Personal information
- Nickname: The Flying Sikh
- Nationality: Indian
- Born: Sardar Milkha Singh 20 November 1929 Govindpura, Punjab, British India (now Punjab, Pakistan)
- Died: 18 June 2021 (aged 91) Chandigarh, India
- Occupation: Runner
- Employers: Retired; formerly of the Indian Army and Government of Punjab, India
- Spouse: Nirmal Saini ​ ​(m. 1963; died 2021)​
- Allegiance: India
- Branch: Indian Army
- Service years: 1951–1964
- Rank: Honorary Captain
- Awards: Padma Shri

Sport
- Sport: Track and field
- Event: Sprinting

Medal record
Men's Athletics
Representing India
Commonwealth Games
| Gold medal – first place | 1958 Cardiff | 440 yards |
Asian Games
| Gold medal – first place | 1958 Tokyo | 200 m |
| Gold medal – first place | 1958 Tokyo | 400 m |
| Gold medal – first place | 1962 Jakarta | 400 m |
| Gold medal – first place | 1962 Jakarta | 4 × 400 m relay |
National Games of India
| Gold medal – first place | 1958 Cuttack | 200 m |
| Gold medal – first place | 1958 Cuttack | 400 m |
| Silver medal – second place | 1964 Calcutta | 400 m |

= Milkha Singh =

Indian athlete (1929–2021)

Sardar Milkha Singh (20 November 1929 18 June 2021), (Note: There are different records for his birth date. Records in Pakistan note it as 20 November 1929. Other records note it as 17 October 1935 and 20 November 1932. The birth date on his passport is 20 November 1932. 20 November 1929 has been used as per sources published following his death.) also known as "The Flying Sikh", was an Indian track and field sprinter who was introduced to the sport while serving in the Indian Army. He is the first Indian athlete to win gold at 400 metres at the Asian Games as well as the Commonwealth Games. He has won gold medals in the 1958 and 1962 Asian Games. He represented India in the 1956 Summer Olympics in Melbourne, the 1960 Summer Olympics in Rome and the 1964 Summer Olympics in Tokyo. Singh was awarded the Padma Shri in 1959, India's fourth-highest civilian honour, in recognition of his sporting achievements.

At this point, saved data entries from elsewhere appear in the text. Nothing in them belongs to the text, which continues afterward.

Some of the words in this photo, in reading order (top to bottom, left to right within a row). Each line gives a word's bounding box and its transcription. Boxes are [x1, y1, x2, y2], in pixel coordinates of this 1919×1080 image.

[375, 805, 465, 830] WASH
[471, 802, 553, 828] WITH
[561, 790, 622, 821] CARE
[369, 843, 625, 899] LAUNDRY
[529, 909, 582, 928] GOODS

The race for which Singh was best remembered is his fourth-place finish in the 400 metres final at the 1960 Olympic Games, which he had entered as one of the favourites. He led the race till the 200 m mark before easing off, allowing others to pass him. Various records were broken in the race, which required a photo-finish and saw American Otis Davis being declared the winner by one-hundredth of a second over German Carl Kaufmann. Singh's fourth-place time of 45.73 seconds was the Indian national record for almost 40 years.

From beginnings that saw him orphaned and displaced during the Partition of India, Singh has become a sporting icon in his country. In 2008, journalist Rohit Brijnath described Singh as "the finest athlete India has ever produced".

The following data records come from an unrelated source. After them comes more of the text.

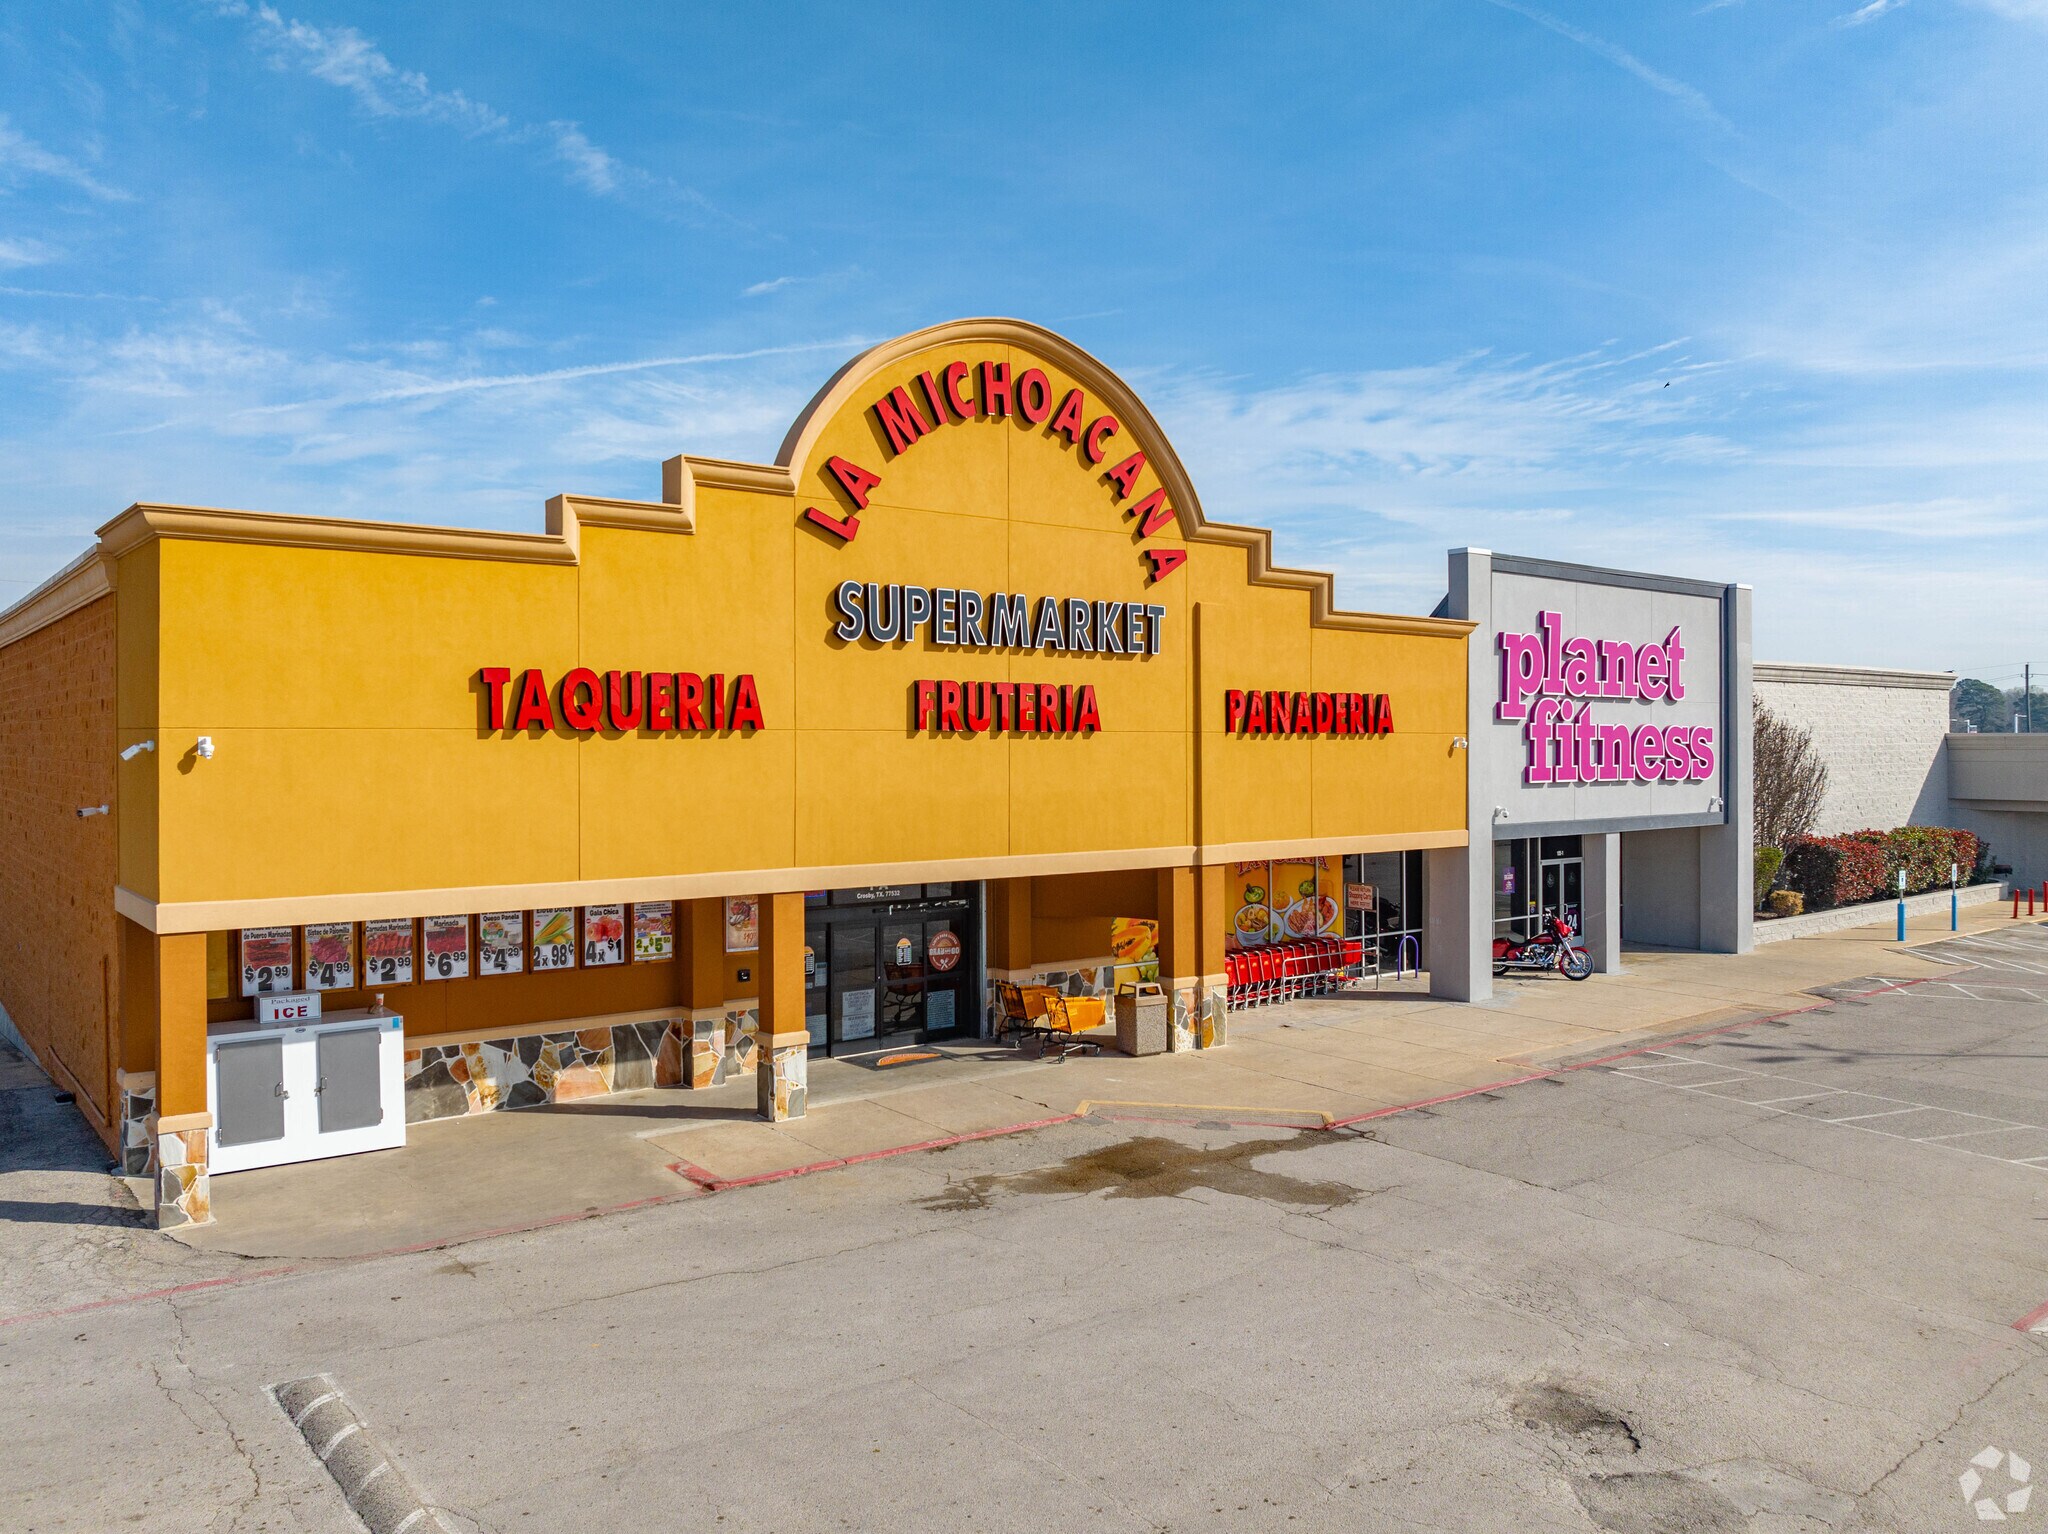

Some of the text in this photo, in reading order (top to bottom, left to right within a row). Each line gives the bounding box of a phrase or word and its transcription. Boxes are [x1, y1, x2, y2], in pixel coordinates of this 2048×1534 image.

[804, 361, 1187, 582] LA MICHOACANA
[835, 580, 1166, 655] SUPERMARKET
[1496, 610, 1686, 720] planet
[480, 667, 765, 732] TAQUERIA
[914, 680, 1101, 732] FRUTERIA
[1225, 689, 1395, 734] PANADERIA
[1525, 697, 1715, 783] fitness
[534, 946, 540, 966] 2
[542, 957, 548, 966] x
[586, 941, 596, 962] 4
[608, 938, 622, 960] $1
[271, 996, 310, 1005] Packaged
[274, 1006, 308, 1020] ICE

Singh died from complications of COVID-19 on 18 June 2021, at the age of 91, five days after his wife, Nirmal Saini.

== Early life ==
Milkha Singh was born on 20 November 1929, into a Sikh Rathore Rajput family. His birthplace was Govindpura, a village 10 km from Muzaffargarh city in Punjab Province, British India (now Kot Adu district, Pakistan). He was one of 15 siblings, eight of whom died before the Partition of India. He was orphaned during the Partition when his parents, a brother and two sisters were killed in the violence that ensued. He witnessed these killings.

Escaping the troubles in Punjab, where killings were continuing, by moving to Delhi, India, in 1947, Singh lived for a short time with the family of his married sister and was briefly imprisoned at Tihar jail for travelling on a train without a ticket. His sister, Ishvar, sold some jewellery to obtain his release. He spent some time at a refugee camp in Purana Qila and at a resettlement colony in Shahdara, both in Delhi.

Milkha became disenchanted with his life and considered becoming a dacoit (Note: Paan Singh Tomar, one of Singh's contemporaries in the Indian Army and as an athlete, did become infamous as a dacoit.) but was instead persuaded by one of his brothers, Malkhan, to attempt recruitment to the Indian Army. He successfully gained entrance on his fourth attempt, in 1951, and while stationed at the Electrical Mechanical Engineering Centre in Secunderabad and he was introduced to athletics. He had run the 10 km distance to and from school as a child and was selected by the army for special training in athletics after finishing sixth in a compulsory cross-country run for new recruits. Singh has acknowledged how the army introduced him to sport, saying that "I came from a remote village, I didn't know what running was, or the Olympics".

==International career==
Milkha represented India in the 200 m and 400 m competitions of the 1956 Summer Olympics Games. His inexperience meant that he did not progress beyond the heat. But a meeting with the eventual 400 m champion at those Games, Charles Jenkins Sr., both inspired him to greater things and provided him with information about training methods.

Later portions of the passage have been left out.